“Damas y caballeros, estos son mis principios, y si no les gustan, tengo otros”. Esta frase, envuelta en el humor corrosivo e irreverente de Groucho Marx, es mucho más que un chiste: es una radiografía implacable de cierto estilo de hacer política. Lo que comienza como una broma sobre la inconsistencia, pronto se convierte —cuando uno la observa detenidamente— en una parodia feroz del oportunismo, la falta de escrúpulos y la versatilidad ideológica al servicio del poder.
Groucho nos presenta al hipócrita, al cínico, al vendedor de humo que ofrece convicciones como si fueran corbatas en rebajas: si no le gusta ésta, pruebe aquélla. El principio deja de ser principio y se convierte en mercancía; en vez de ser una brújula, es un abanico de posibilidades. La coherencia se sustituye por la conveniencia. Lo que importa no es tener razón, sino tener razón ahora, con este público, ante esta cámara.

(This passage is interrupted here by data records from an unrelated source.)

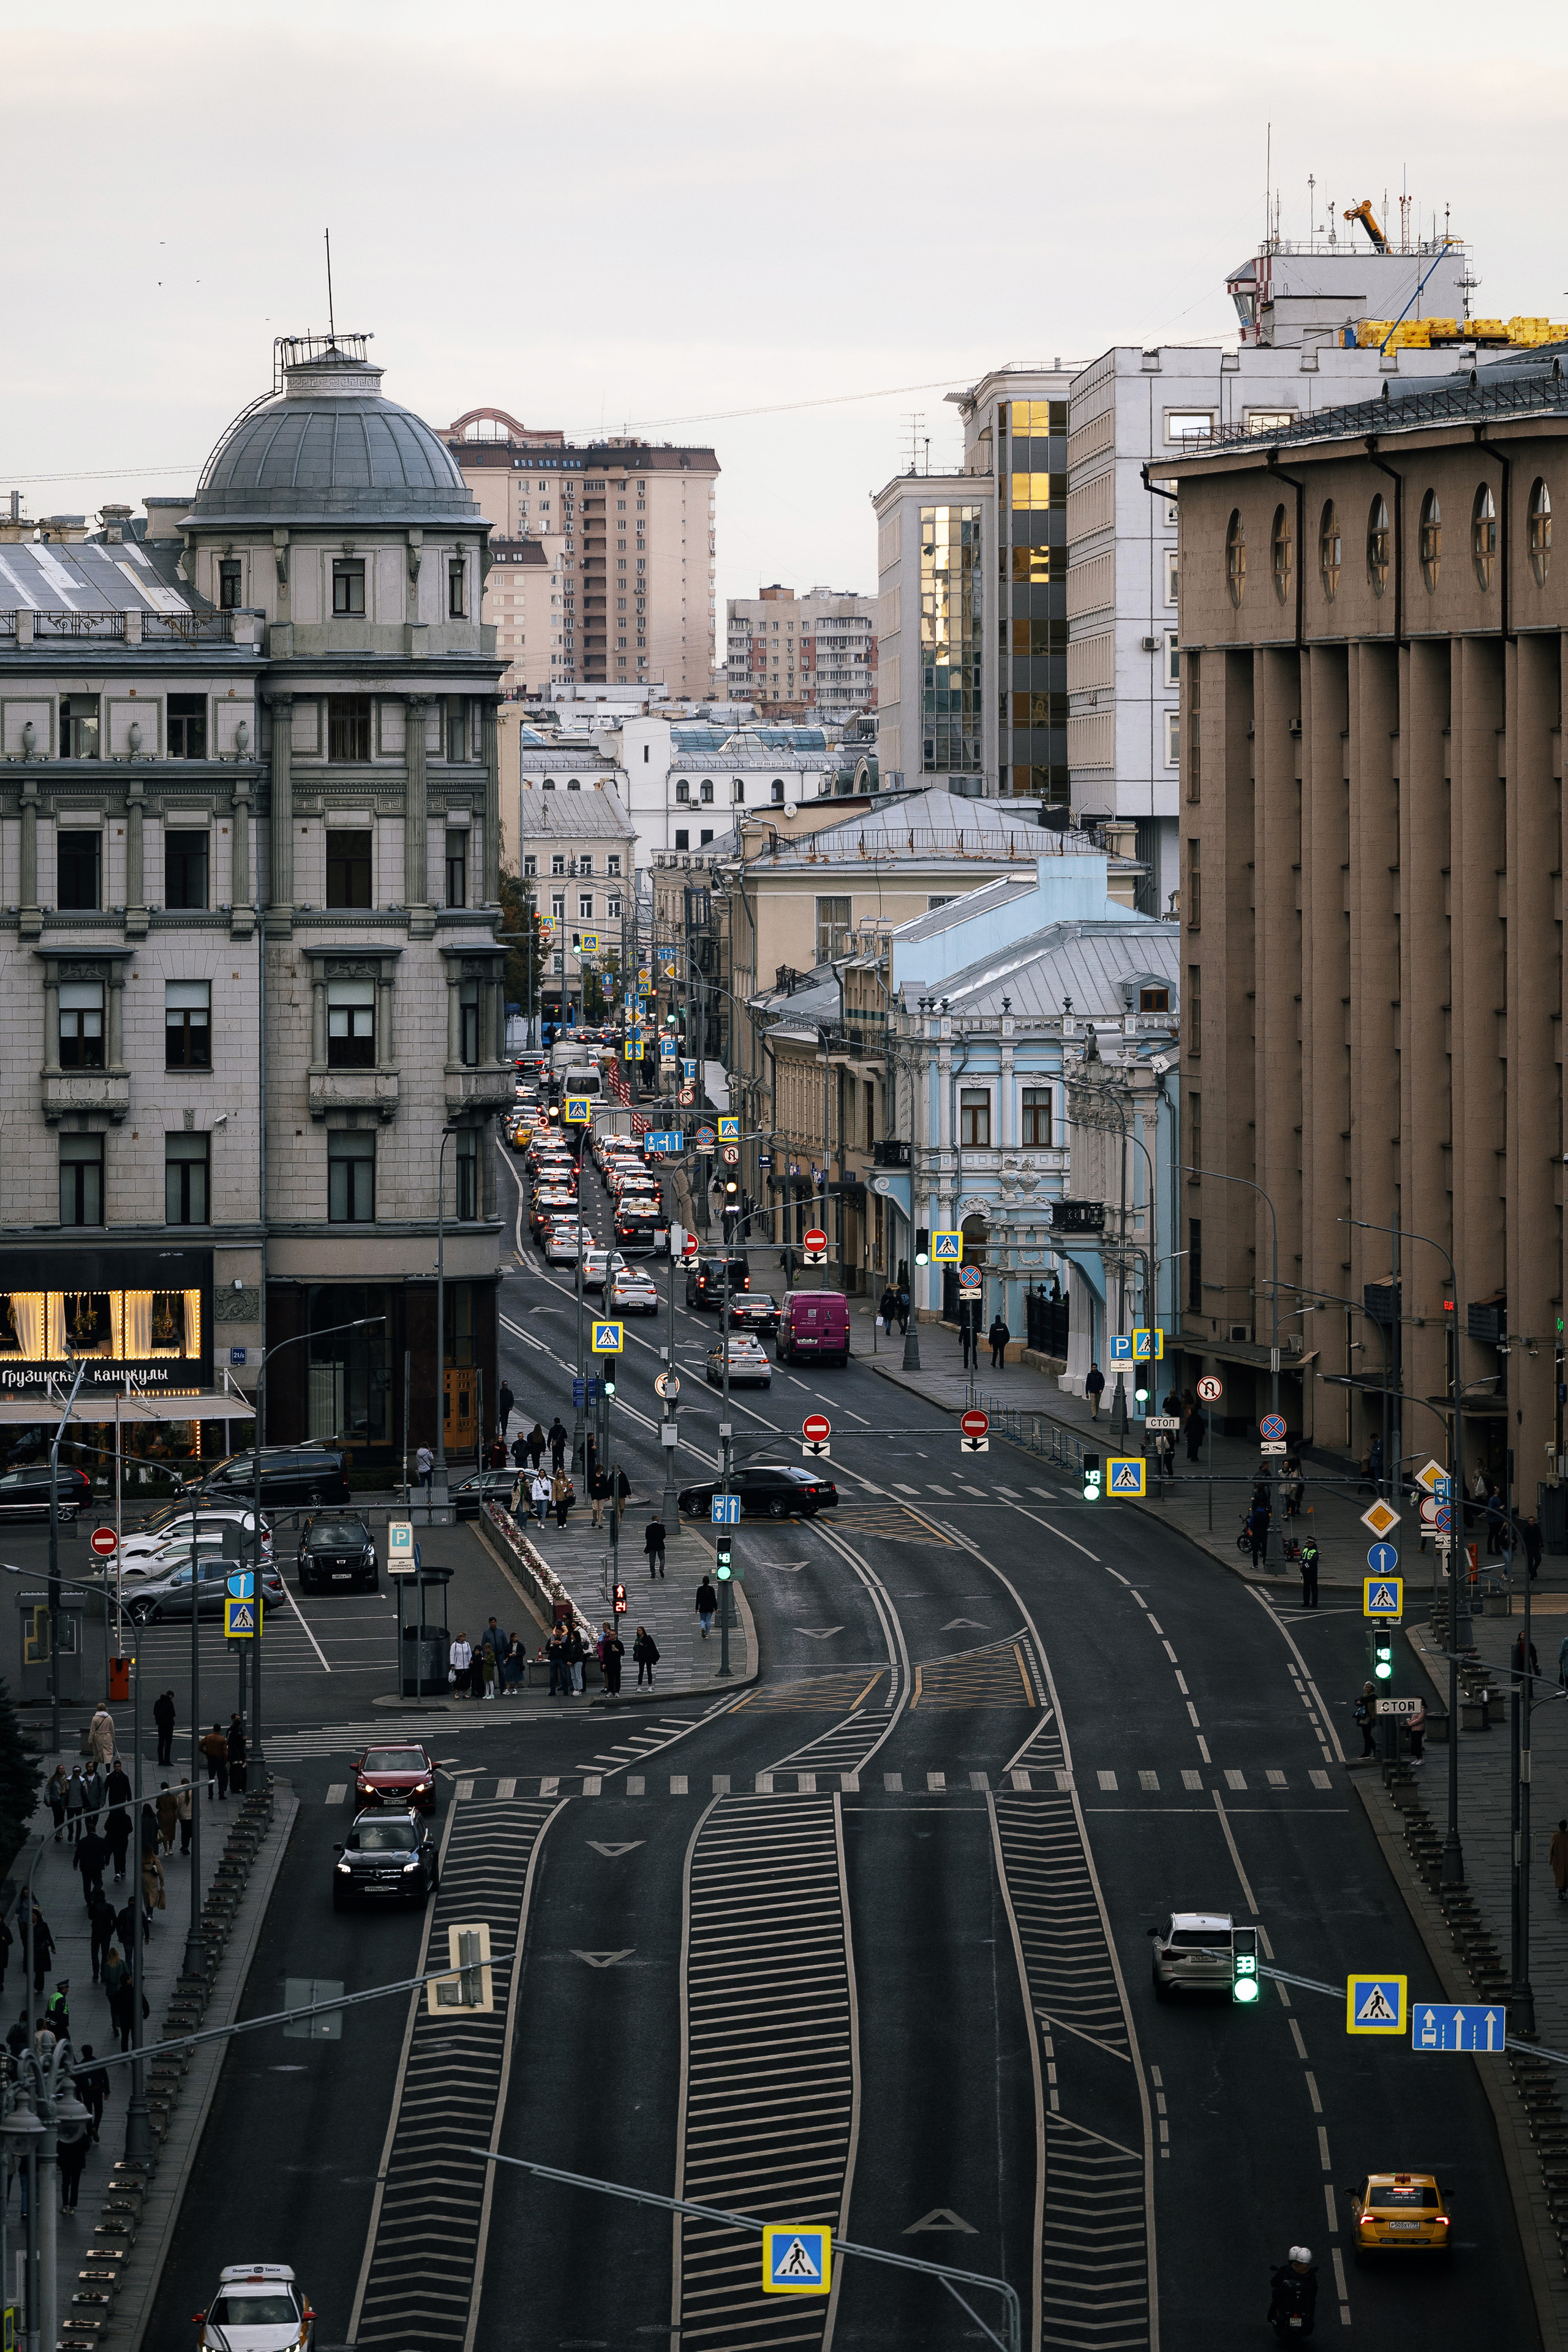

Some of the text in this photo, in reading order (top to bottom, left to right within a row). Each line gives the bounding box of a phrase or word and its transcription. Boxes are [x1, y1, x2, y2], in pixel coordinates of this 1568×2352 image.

[665, 1042, 674, 1054] P
[1116, 1338, 1129, 1356] P
[94, 1369, 168, 1385] каникулы
[1085, 1470, 1100, 1484] 49
[396, 1531, 407, 1544] P
[718, 1553, 730, 1563] 48
[616, 1602, 626, 1611] 24
[1382, 1702, 1415, 1711] СТОП
[1237, 1956, 1255, 1973] 33

Y aquí es donde la caricatura grouchiana se convierte, casi sin quererlo, en una descripción minuciosa de ese personaje, ese líder de la opinión variable, que siendo presidente del Gobierno español, huye asustado de sus propios conciudadanos como si de un galgo se tratara. Y además calla y se esconde cuando le salpican los escándalos y solo ha salido cuando ya no tenía más remedio por el caso Cerdán. Porque si hay un político que ha hecho de la flexibilidad programática una verdadera religión, ese es él. Lo suyo no es la ideología, sino el transformismo. No tanto la convicción, como la supervivencia. La frase de Groucho no le ofendería; es más, podría figurar en el frontispicio de su despacho en Moncloa.
Recordemos: Sánchez, ese maquiavélico camaleón, prometió no pactar con Podemos (“no dormiría tranquilo con ellos en el Gobierno”), y terminó dándoles vicepresidencias. Aseguró que nunca permitiría que Bildu tuviera influencia política, y después contó con sus votos para sacar adelante leyes clave. Juró que no habría indultos para los líderes del procés, y después los concedió “por el bien de España”. Proclamó que no habría amnistía, y luego la presentó como “necesaria para el reencuentro”. Una vez más: si no les gustan mis principios, tengo otros.
Pero sería un error pensar que esta plasticidad es torpeza. En realidad, requiere talento (aunque sea del malo) para reconvertir la contradicción en relato, la incoherencia en pragmatismo, la rectificación en altura de miras. Es el arte de decir “donde dije digo, digo Diego” mientras se agita una bandera “progresista” o una defensa de los suyos. Porque ese personaje, ese político de usar y tirar, no rectifica: evoluciona. No traiciona, dialoga. No cede, construye puentes. Y si alguien lo niega y señala la incongruencia, se le acusa de facha y de crispación, y ya está.
Groucho Marx lo habría admirado. Porque ese personaje, ese mercader del poder, ha conseguido algo más difícil que gobernar: ha logrado gobernar sin necesidad de parecer coherente. Ha convertido el cambio de postura en virtud. Donde otros ven cinismo, él ve estrategia. Donde otros claman por principios, él responde que lo único importante es estar en La Moncloa. El fin justifica los medios, y si no justifica estos, ya encontraremos otros.
Lo más llamativo es que muchos de sus votantes, en el fondo, lo saben. No votan a ese virtuoso de la oportunidad porque sea fiel a sus principios, sino porque esperan que gane, y evite que gobierne la derecha. El político de principios, el que dice: “esto no lo hago, aunque me cueste el cargo”, actúa de una forma admirable; pero los más sectarios pretenden convencernos que eso es algo antiguo. Sin embargo, el de los “otros principios”, aunque es visto como desvergonzado, muchos lo prefieren. Y esa es una de las grandes tragedias de la política contemporánea: la desvergüenza ha sustituido a la ética, y la fidelidad a las ideas se ve como una desventaja.
En suma, la frase de Groucho Marx, nacida para arrancar carcajadas, se convierte en el epitafio de un tipo de política que hemos normalizado: la del principio intercambiable. Y el personaje del que hablamos, ese oportunista, con su biografía política llena de giros, cesiones y contradicciones, no desmiente esa frase: la personifica. Y lo hace con tanta naturalidad que ya ni escandaliza. En ese sentido, no es que sea un mal Groucho Marx: es un Groucho sin risa. Una versión seria, gris y calculadora del bufón que decía la verdad disfrazada de chiste.